Samsara Eco and Lululemon develop world’s first enzymatically recycled nylon

(Source: Inside Small Business)

Australian eco-tech start-up Samsara Eco and athletic apparel brand Lululemon have unveiled the world’s first enzymatically recycled nylon 6,6 product, representing a key milestone that brings the fashion industry one step closer to creating a circular ecosystem.

The breakthrough fabric will make its way in Lululemon’s renowned Swiftly Tech Long-Sleeve Top, made with Samsara Eco’s pioneering new (patent pending) technology that extracts nylon 6,6 from end-of-life stage textiles, thus creating a fully circular ecosystem for apparel. Using its library of plastic-eating enzymes, Samsara Eco’s manufacturing process is completed within hours and at a low temperature.

It is reported that roughly four million tonnes of nylon 6,6 is created per year, which makes it one of the most commonly used plastics in the textile industry. Nylon 6,6 has been notoriously difficult to recycle and because of its tough, heavy-duty properties has been used in a breadth of industries like fashion, automotive and electronics. 

“Until now, textile-to-textile nylon 6,6 has been unrecyclable,” Paul Riley, CEO and founder of Samsara Eco, said. “The samples we have created with Lululemon represent a world-first breakthrough for the future of textile waste. Our work with Lululemon shows the potential to give clothes an infinite life.”
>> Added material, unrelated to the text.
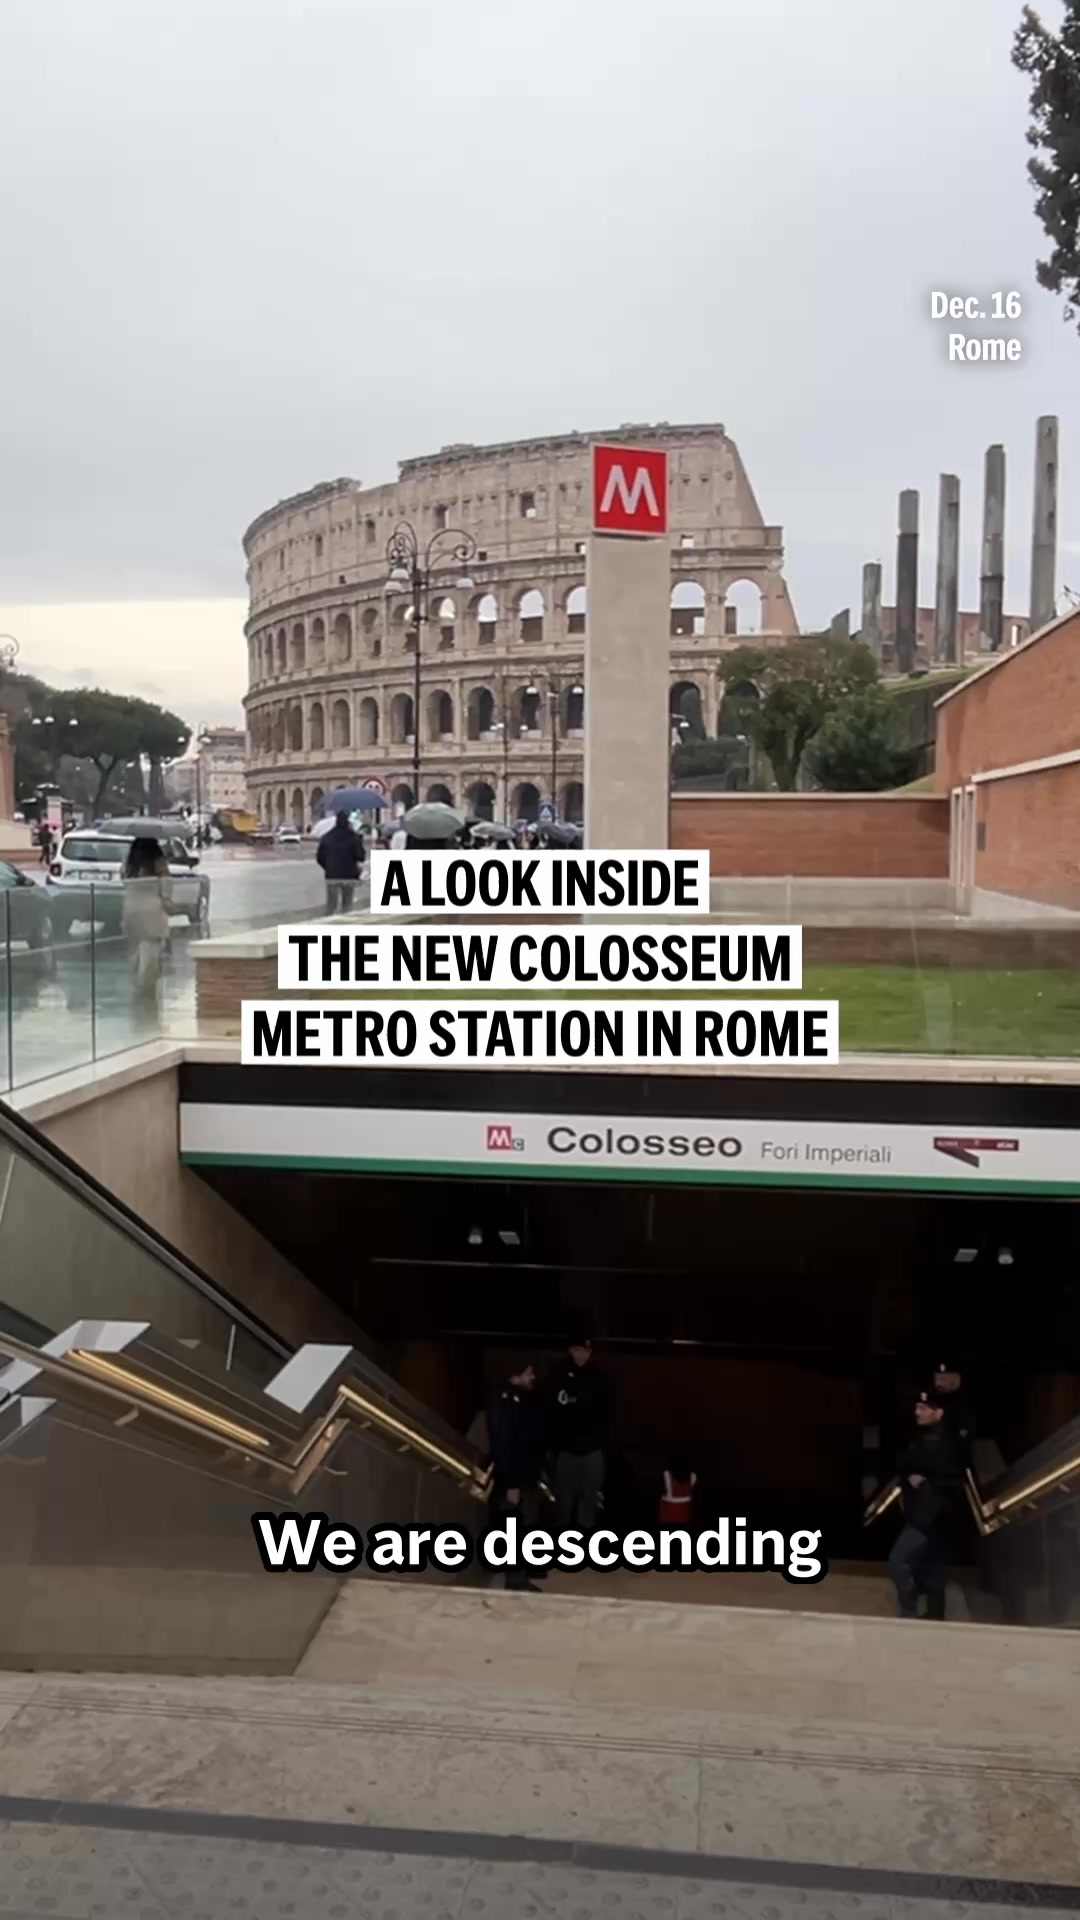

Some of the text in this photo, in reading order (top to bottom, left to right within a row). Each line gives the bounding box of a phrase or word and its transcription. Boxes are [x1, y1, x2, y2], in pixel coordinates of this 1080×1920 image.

[600, 464, 660, 517] M
[547, 1126, 743, 1159] Colosseo
[760, 1141, 892, 1167] Fori Imperiali
The milestone comes a year after Samsara Eco, whose team is pictured, announced its partnership with Lululemon as its first textile partner in a multi-year collaboration. The Swiftly samples represent the next stage in the collaboration, creating lower-impact alternative textiles in the apparel industry. 

“We’re committed to maintaining a low carbon footprint during our infinite recycling process,” Riley said. “Compared to the production of virgin nylon 6,6, Samsara Eco’s infinite recycling process reduces emissions and has the potential to save tens of millions of tonnes of CO2 entering our environment every year. We’ve started with nylon 6,6, but this sets the trajectory of what’s possible for recycling across a range of industries as we continue expanding our library of plastic-eating enzymes. This is one giant leap for the future of sustainable fashion and circularity,” added Riley.
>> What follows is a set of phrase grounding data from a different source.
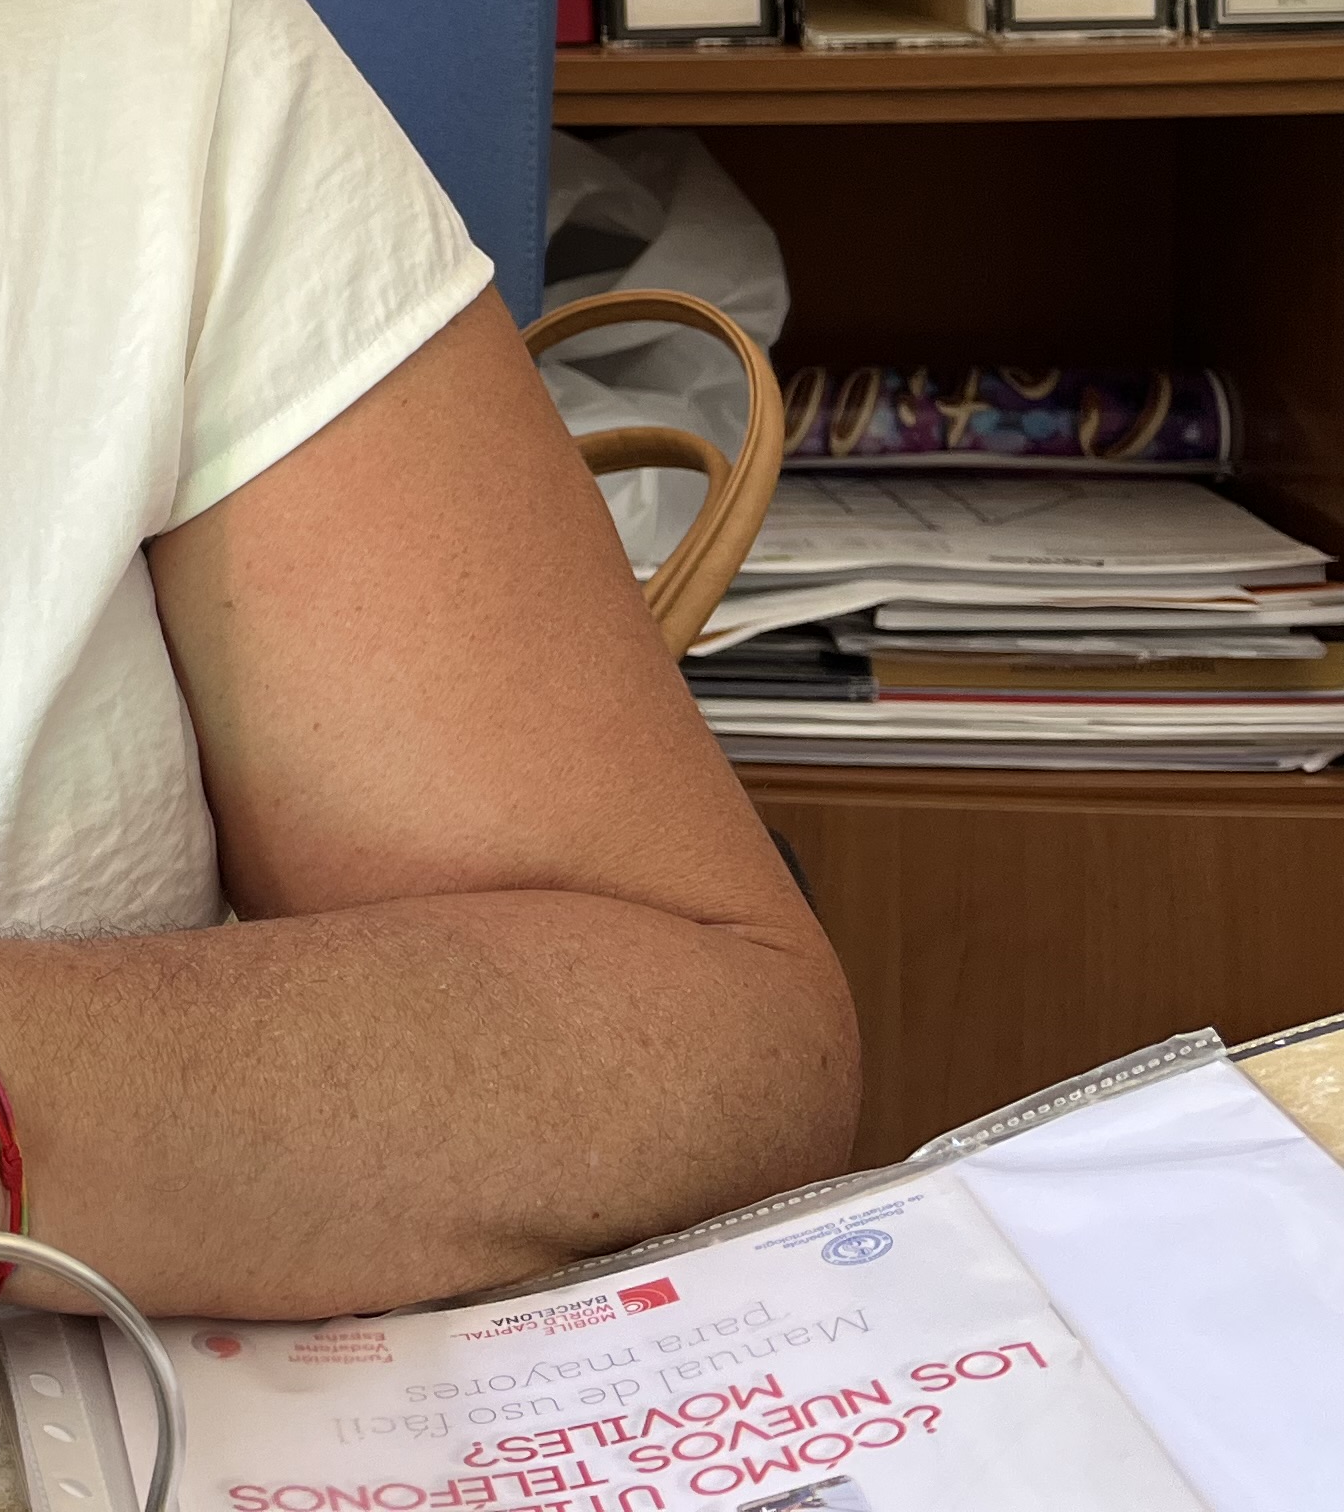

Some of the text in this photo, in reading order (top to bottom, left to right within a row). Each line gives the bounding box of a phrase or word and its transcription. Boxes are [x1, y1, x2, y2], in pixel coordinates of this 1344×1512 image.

[902, 1193, 925, 1205] de
[781, 1208, 904, 1250] Sociedad Española
[490, 1294, 609, 1326] BARCELONA
[542, 1303, 615, 1326] WORLD
[543, 1311, 617, 1336] MOBILE
[294, 1343, 389, 1354] Vodafone
[313, 1332, 385, 1342] España
[405, 1301, 777, 1403] para mayores
[330, 1308, 871, 1444] Manual de uso fácil
[228, 1341, 1049, 1512] LOS NUEVOS TELÉFONOS
[463, 1374, 784, 1468] MÓVILES?
[690, 1405, 943, 1497] ¿CÓMO
Over 90 per cent of the nylon used in each of the Lululemon Swiftly top samples is produced using Samsara’s enzymatic recycling process, and the samples offer the same fit, feel and quality guests expect from Lululemon products.

“Our enzymatic recycling is the only solution on the market that allows the textile industry to unlock nylon 6,6 amongst mixed feedstocks to prevent textiles from ending up in landfill,” Sarah Cook, Chief Commercial and Operations Officer of Samsara Eco, explained.

With the recycled nylon technology available in its product, lululemon aims to realise its end-of-life vision of circularity for its products, with a goal to make 100 per cent of products with preferred materials and end-of-use solutions by 2030.

“The Lululemon Swiftly top samples go beyond material innovation – they represent the exciting possibilities and impact that can be achieved through collaboration and cross-industry partnership,” Yogendra Dandapure, Vice President of Raw Materials Innovation at Lululemon, said. “This breakthrough not only signals a turning point for sustainable innovation in apparel but for all industries looking to shift towards more circular models. We look forward to continuing to work with Samsara Eco to help scale this new technology in the months and years ahead.”